Brief
Images are to be skipped; everything else in the records must be repeated exactly.

Supplied records
○ ○ ○ ○
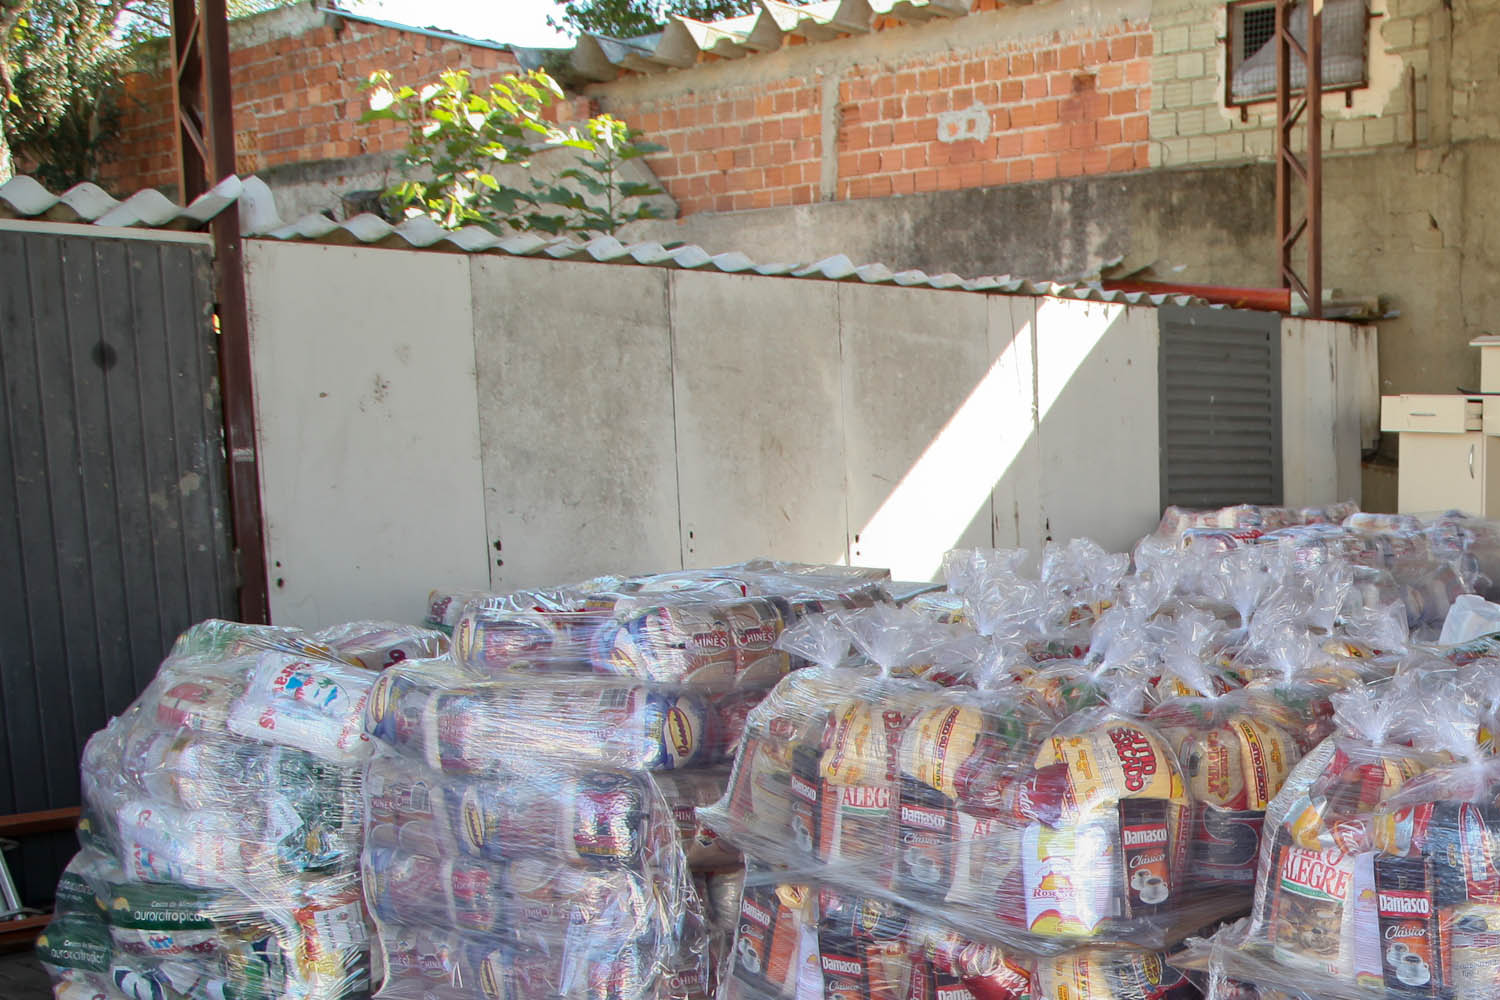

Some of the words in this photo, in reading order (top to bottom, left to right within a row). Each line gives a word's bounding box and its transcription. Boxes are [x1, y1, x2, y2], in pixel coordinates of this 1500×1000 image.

[901, 806, 946, 828] Damasco
[1123, 826, 1168, 847] Damasco
[1282, 855, 1352, 898] ALEGRE
[1379, 894, 1430, 915] Damasco
[134, 909, 209, 925] auroratropica
[1384, 923, 1427, 940] Clássico
[822, 955, 862, 976] Damasco
○ ○ ○ ○
Answer to the exercise
Some of the words in this photo, in reading order (top to bottom, left to right within a row). Each line gives a word's bounding box and its transcription. Boxes are [x1, y1, x2, y2], in pixel coordinates of this 1500×1000 image.

[901, 806, 946, 828] Damasco
[1123, 826, 1168, 847] Damasco
[1282, 855, 1352, 898] ALEGRE
[1379, 894, 1430, 915] Damasco
[134, 909, 209, 925] auroratropica
[1384, 923, 1427, 940] Clássico
[822, 955, 862, 976] Damasco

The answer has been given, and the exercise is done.